The main benefit I would want is that defaults matter, so having to manually remember to add these passes would be bad. That benefit could also be realized by adding lifting lowering passes at the beginning and end of the default optimization pipeline. (But in that case the lowering and lifting in the middle of e.g.g -O3 -O3 would be useless. Maybe we want a concept of early passes and late passes based on the maximum used optimization level or something like that?)

kripken · 2025-03-21T23:03:33Z

The main benefit I would want is that defaults matter, so having to manually remember to add these passes would be bad. That benefit could also be realized by adding lifting lowering passes at the beginning and end of the default optimization pipeline.

I get your point that it would be nice for this to "just work" for users. But losing some type information between cycles, or even between invocations of wasm-opt, is generally harmful.

In more detail: lifting + lowering is not "perfect". That is, the lowering at the end of one cycle and the lifting at the start of another may not perfectly cancel out. In fact, they do not, in general: we lower stringref to externref, and do not lift it back, so we depend on optimizations to re-refine things, which may take multiple cycles. Now, in VMs this does not matter because the user will lower stringref to externref at the very end anyhow, but it could help in the middle, say by proving a ref.test of stringref succeeds.

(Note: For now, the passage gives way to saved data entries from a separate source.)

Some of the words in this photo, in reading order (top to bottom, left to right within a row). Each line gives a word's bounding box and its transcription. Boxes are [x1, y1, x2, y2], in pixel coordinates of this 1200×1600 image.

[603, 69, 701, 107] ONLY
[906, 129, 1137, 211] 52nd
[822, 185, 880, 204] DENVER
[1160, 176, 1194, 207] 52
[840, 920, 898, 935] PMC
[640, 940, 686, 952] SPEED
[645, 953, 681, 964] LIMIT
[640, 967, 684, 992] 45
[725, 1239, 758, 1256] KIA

tlively · 2025-03-22T00:01:14Z

But lowering is the lossy path. Lifting actually recovers type information because the string operations get the more refined string type. So lifting as early as possible and lowering as late as possible is always optimal. I agree that doing a lowering in the middle of -O3 -O3 would be suboptimal, so we should find a way to lift by default while avoiding that problem.

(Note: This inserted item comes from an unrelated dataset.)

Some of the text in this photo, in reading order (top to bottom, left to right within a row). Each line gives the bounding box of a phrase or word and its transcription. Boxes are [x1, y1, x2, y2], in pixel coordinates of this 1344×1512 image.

kripken · 2025-03-24T20:06:13Z

But lowering is the lossy path. Lifting actually recovers type information because the string operations get the more refined string type. So lifting as early as possible and lowering as late as possible is always optimal.

Yes, but:

wasm-opt input.wasm -O3 -O3 --gufa -O3 -O3 -o mid.wasm
wasm-opt mid.wasm -O3 -O3 --type-finalizing -o final.wasm

With automatic lifting&lowering, the lowering at the end of the first line is the problem, as it undoes refinements. We may recoup them on the second line (after it lifts during load) but we may not.

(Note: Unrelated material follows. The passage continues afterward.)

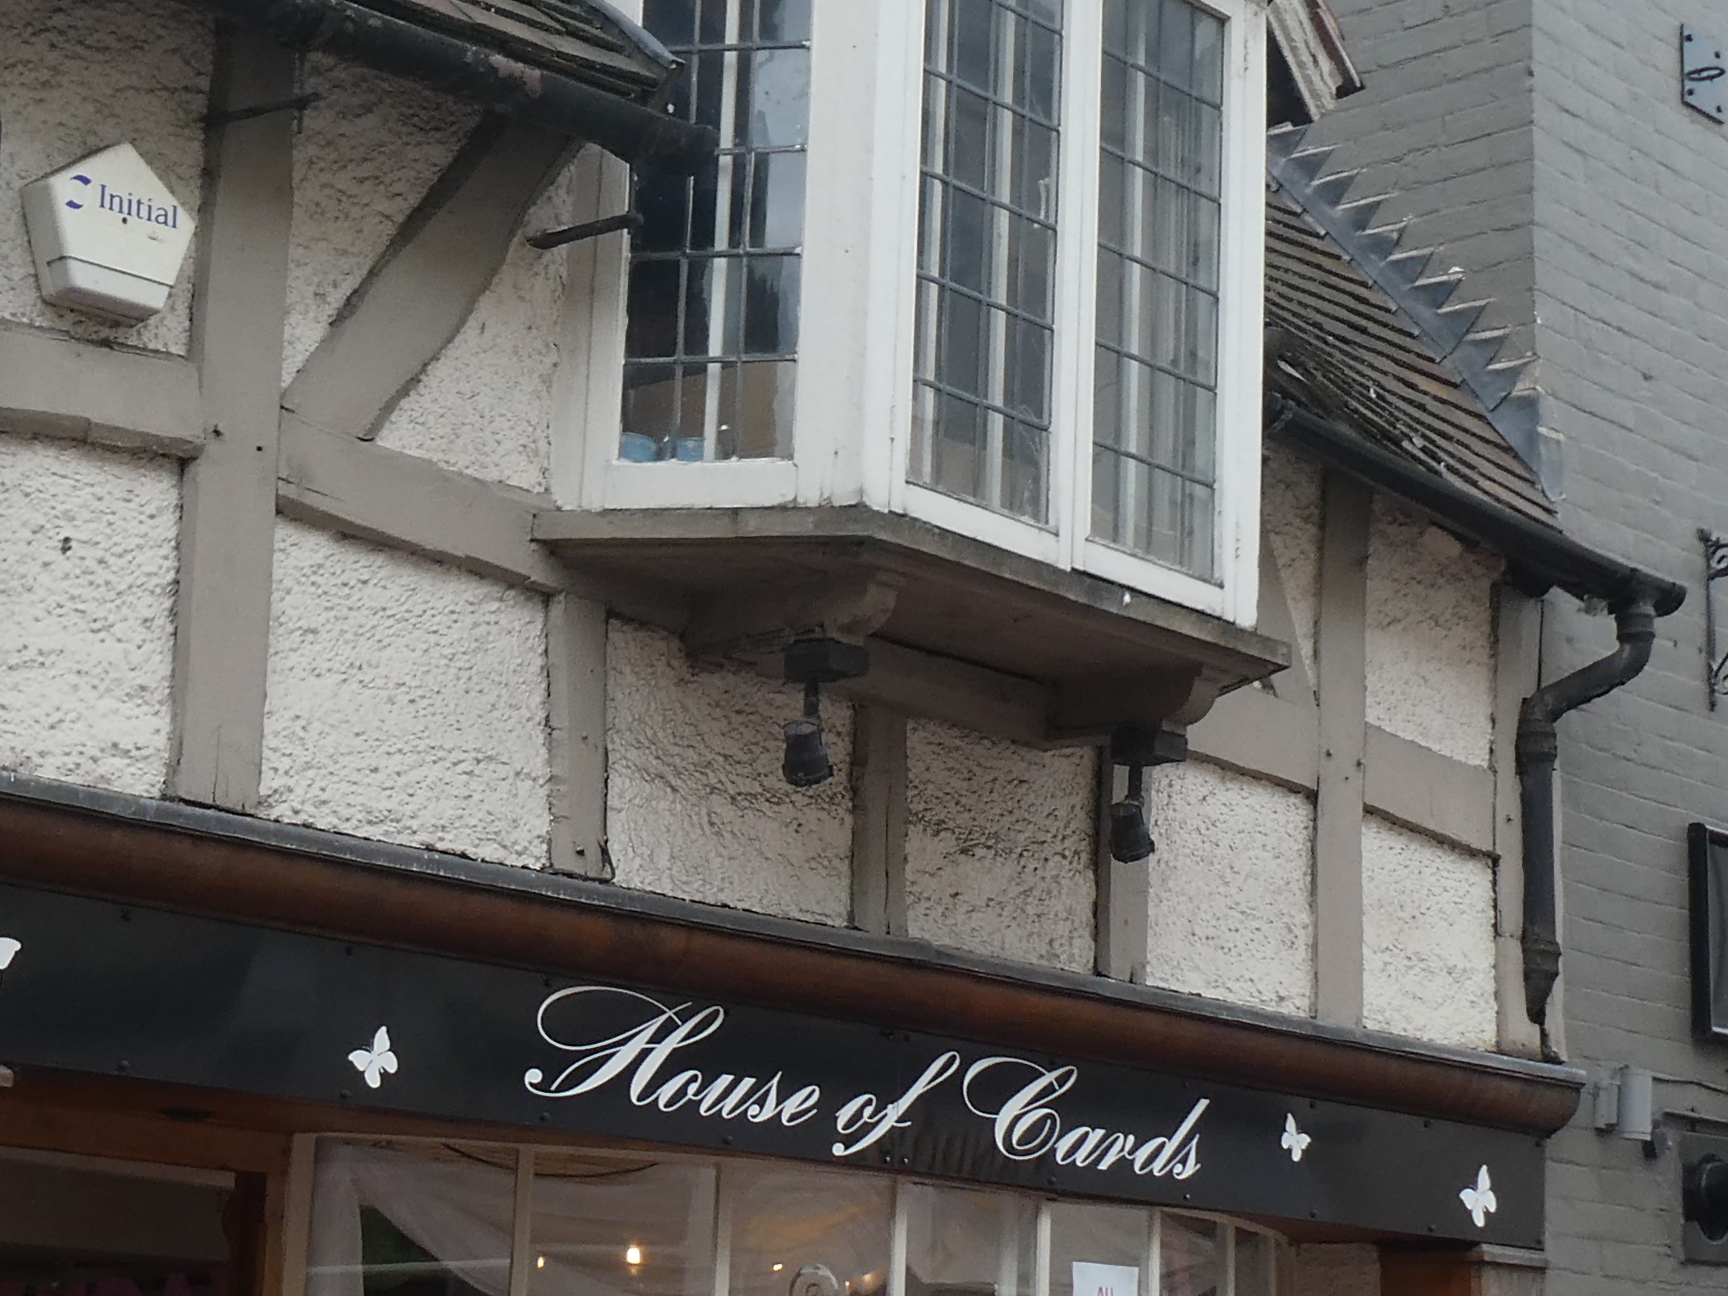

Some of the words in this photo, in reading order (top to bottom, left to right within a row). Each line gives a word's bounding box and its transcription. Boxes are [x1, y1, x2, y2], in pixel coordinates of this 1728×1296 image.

[99, 184, 178, 229] Initial
[524, 985, 821, 1127] House
[831, 1050, 961, 1157] of
[962, 1056, 1211, 1181] Cards

tlively · 2025-03-24T23:48:34Z

What if we had a flag to allow opting out of the automatic lowering in the binary writer? Such users could use the flag for their intermediate stages, and users who just use a simple, default pass pipeline would get the optimal and standards-compliant behavior without having to be experts.

kripken · 2025-03-25T16:51:42Z

What if we had a flag to allow opting out of the automatic lowering in the binary writer?

It sounds like you're suggesting

wasm-opt input.wasm [..opts..] -o mid.wasm --opt-out-of-string-lowering
wasm-opt mid.wasm [..opts..] -o final.wasm

Is that right - so we do keep around the binary writing/reading logic for strings?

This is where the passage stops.